The mechanistic pathways for nucleophilic aromatic substitution of the nitro groups of 5,7-dinitro-3H-quinazolin-4-one and 1,3-dinitro-10H-dibenzo[b,f][1,4]oxazepin-11-one with 1H-1,2,3-triazole have been studied in both gas and solvent phase employing DFT/B3LYP calculations using 6-31G(d,p) basis set. The energetic parameters, i.e., free energy profiles along the reaction route and H-bond energy, charge analysis, and structural parameters have supported mechanistic pathway involving one-step concerted mechanism via formation of transition state during the reaction course.
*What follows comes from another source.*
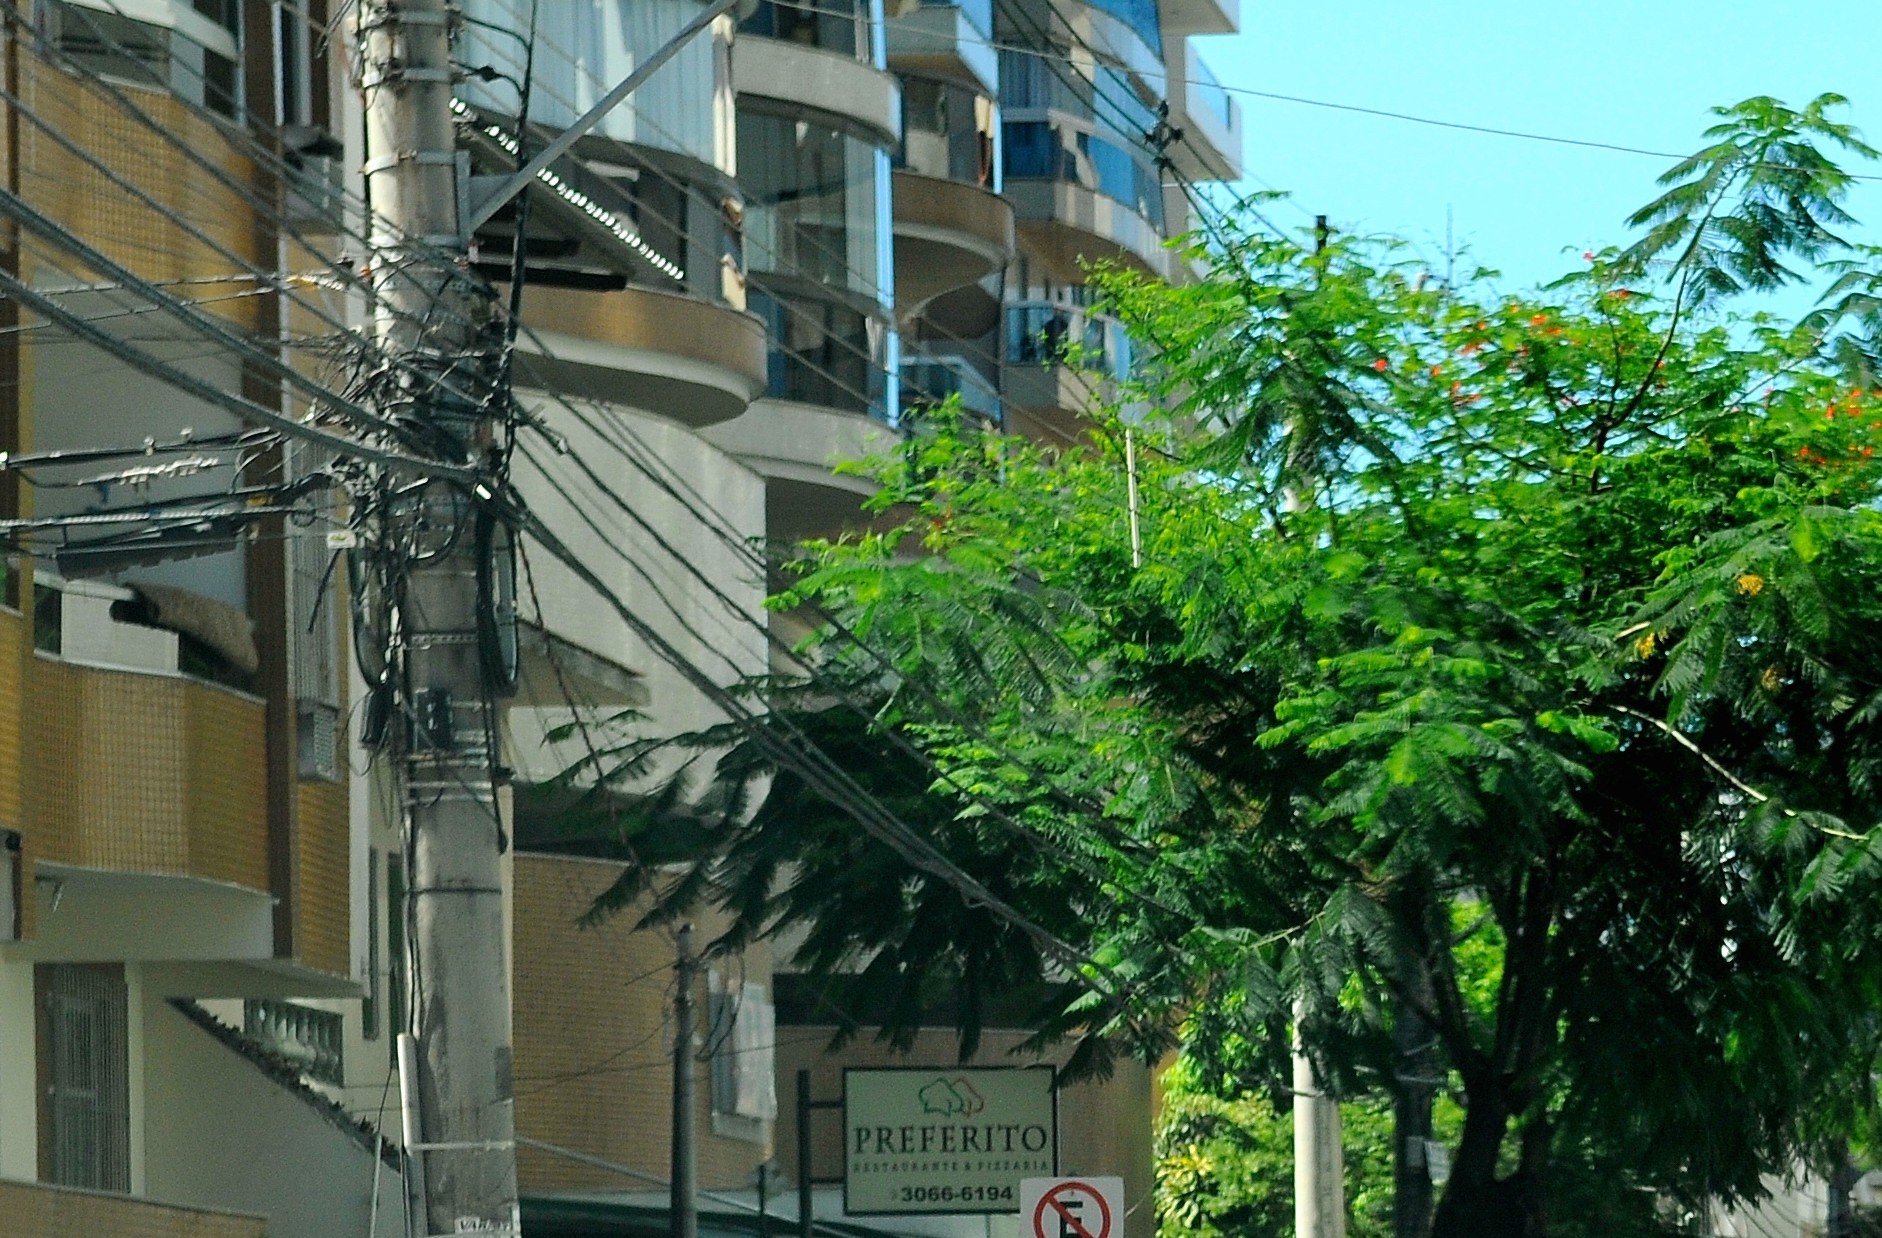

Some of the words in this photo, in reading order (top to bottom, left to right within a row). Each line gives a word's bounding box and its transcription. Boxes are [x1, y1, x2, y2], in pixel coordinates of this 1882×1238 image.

Despite substantial steric hindrance at adjacent position to fusion point, the regioselective attack of 1H-1,2,3-triazole has been observed at peri-position of benzannulated heterocycles. This regioselectivity is credited to intramolecular hydrogen bond C–H···O = C which stabilizes peri-transition state formation rather than para-transition state. The hydrogen bond acceptor–donor interactions have been studied using AIM method. The DFT and AIM analysis-derived results are compared for different sized dinitro-substituted benzannulated heterocycles and these studies have confirmed the contribution of substantial steric hindrance at peri-position with increased size of heterocycle. As benzannulated heterocycles are quite significant from the perspective of medicinal and natural product chemistry, this work will fulfill the need to find an efficient synthetic method for benzannulated heterocycles.